何かの部活の発表会みたいな感じなのか、たまに行われている定期イベなのかわからないが、「早く終わるといいな~」と思いながら学校に向かう。
以前、この学校に呼ばれて行ってみたら、全校集会でいきなりマイクを渡され、フリースピーチをさせられたことがある。
「ひゃ~まじかよ疲れたぜ~」なんて思っていたらその後校長が90分くらいしゃべり続けて気絶しかけた。
まあ、そのおかげで生徒たちに顔と名前は知れているので、足取りは軽い。
※あまり存在が知られていない学校に行くと、突然の外国人の訪問に子どもたちがパニックを起こし、大変なことになる。

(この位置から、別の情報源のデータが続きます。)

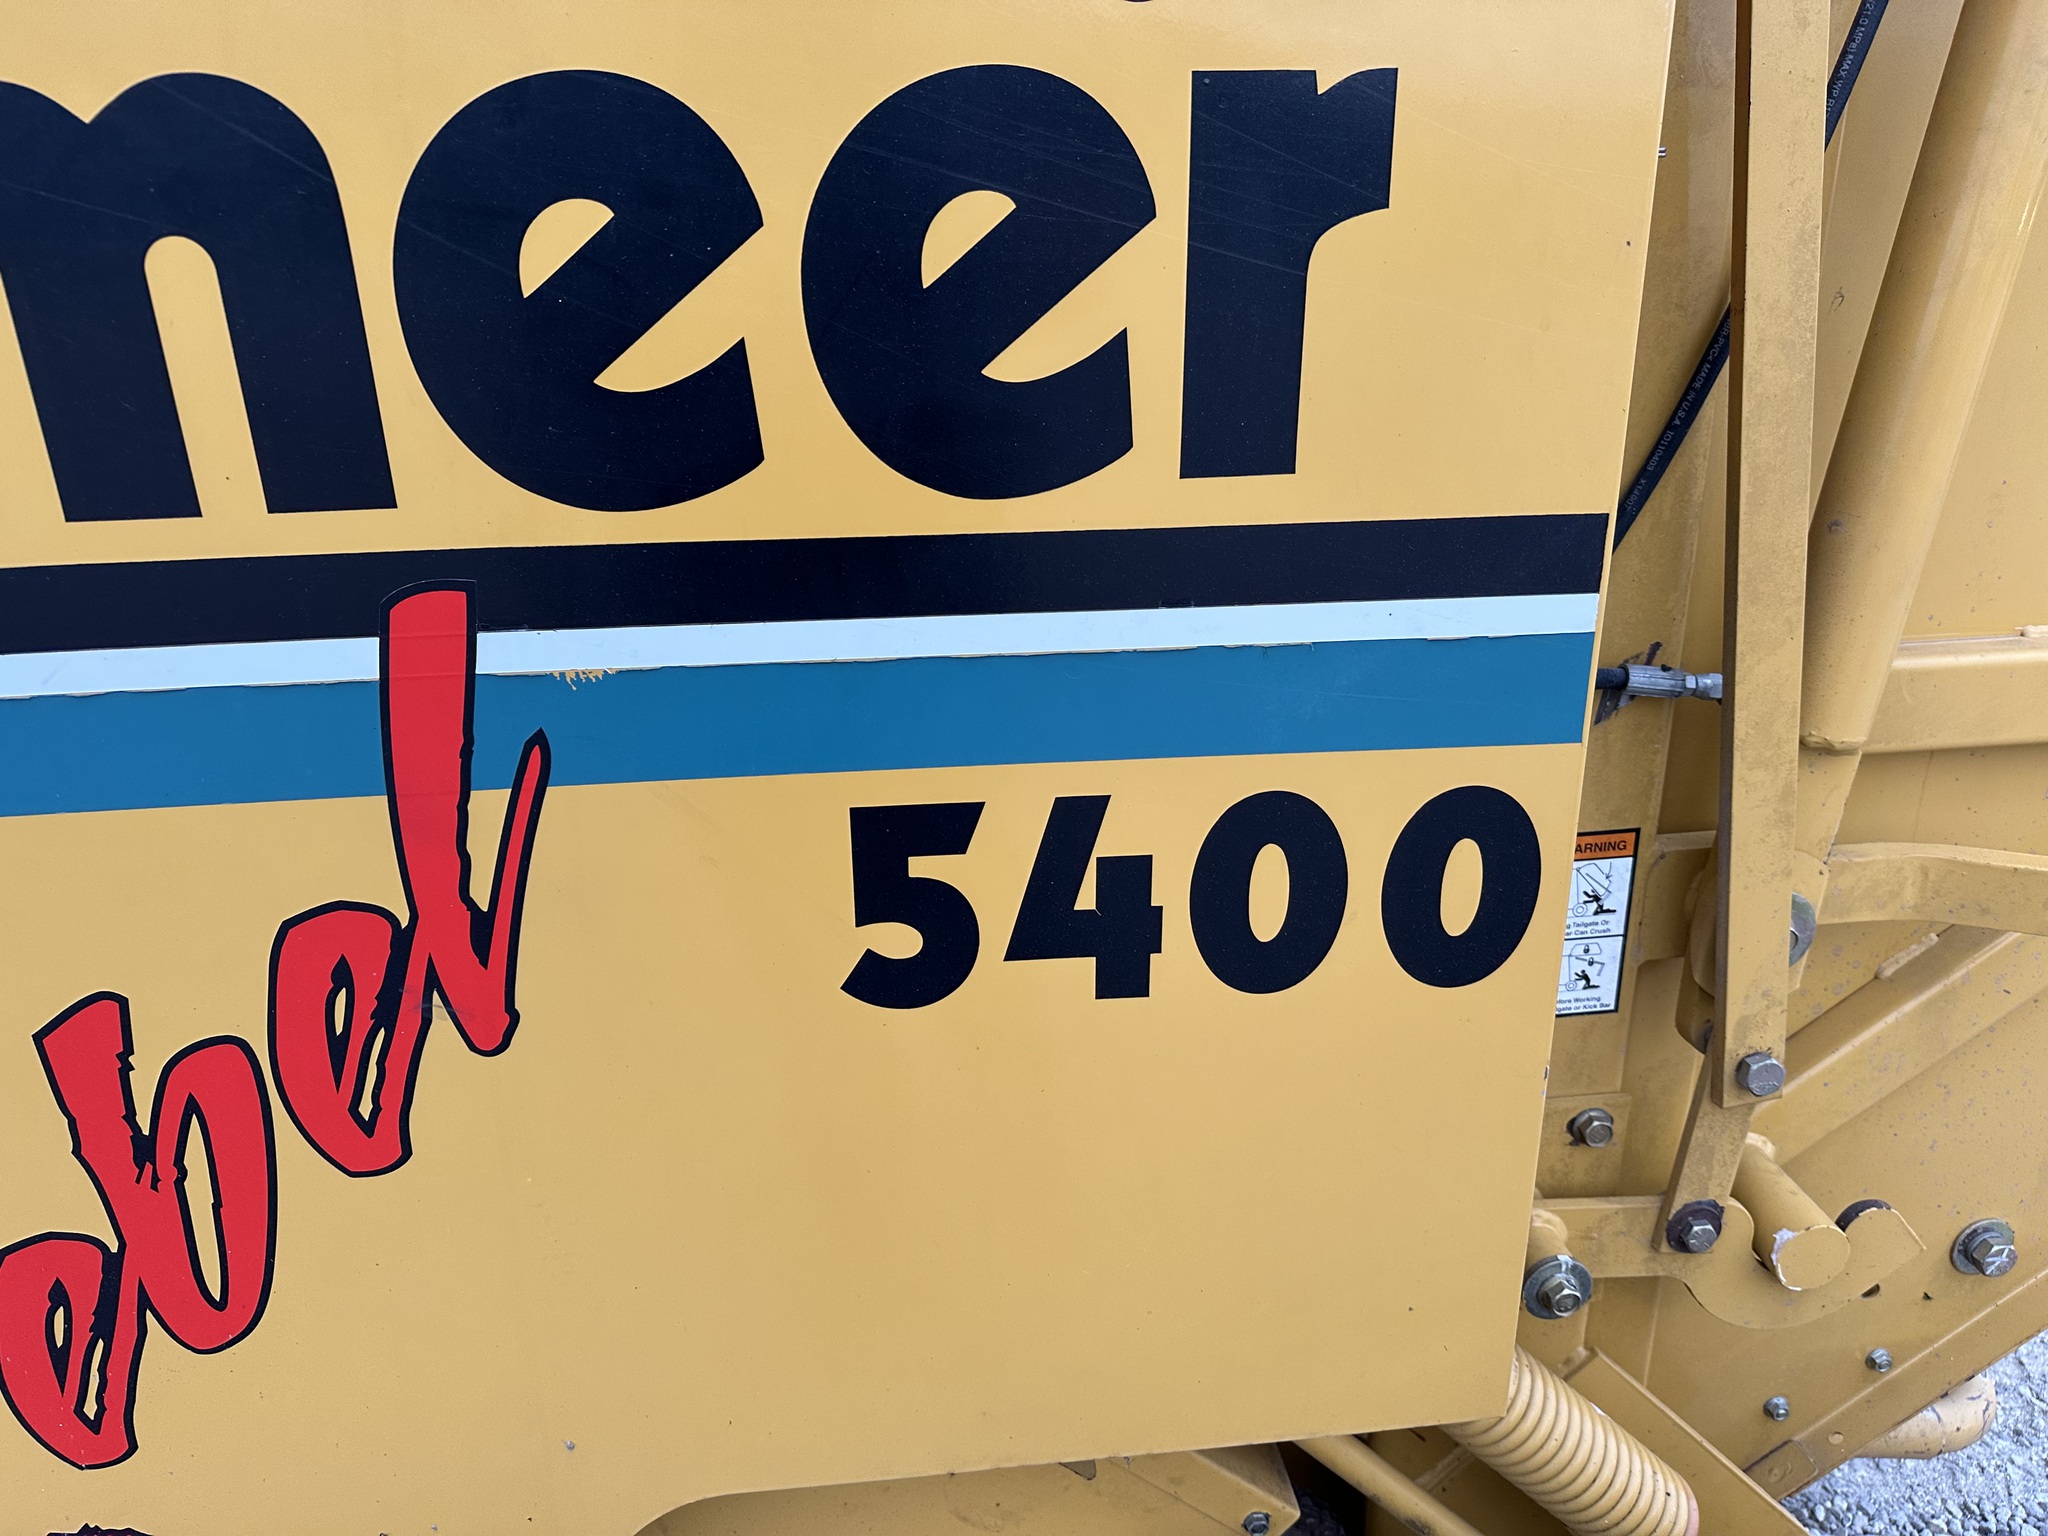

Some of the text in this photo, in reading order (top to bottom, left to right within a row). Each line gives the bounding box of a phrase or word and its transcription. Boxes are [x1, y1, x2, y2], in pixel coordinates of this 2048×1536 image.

校門にいる警備員に「私は訪問者だ」などと言い中に入る。警備員は何の確認もせず門を開ける。何というセキュリティの甘さ。外国人パワー。
私を呼んだ友達が「カリブカリブ~(ようこそ)」と迎えに来てくれた。
「こっちだよ~」と手を引かれ、案内された先には…
立派な音響機器、綺麗に並べられた椅子に座る大勢の生徒たち、飾り付けられた来賓席。
もしかして…"ガチデカイベント?"
「イチャラ・ハノ☆(座れ・ここに)」
来賓席だ。花も飾られている、紛れもない来賓席。
もう一度言うが、電話で呼び出されたのは開始30分前である。
まじでどうゆうこと?
戸惑いながらハノにイチャラすると、フロアが沸いた。
無視するのもアレなので軽く手を振ると、もっと沸いた。スターの気分である。
近くの観客席をチラ見すると、女生徒たちがキラキラした目でこちらを見つめ、小さな声で「ユリ…❤」と言う。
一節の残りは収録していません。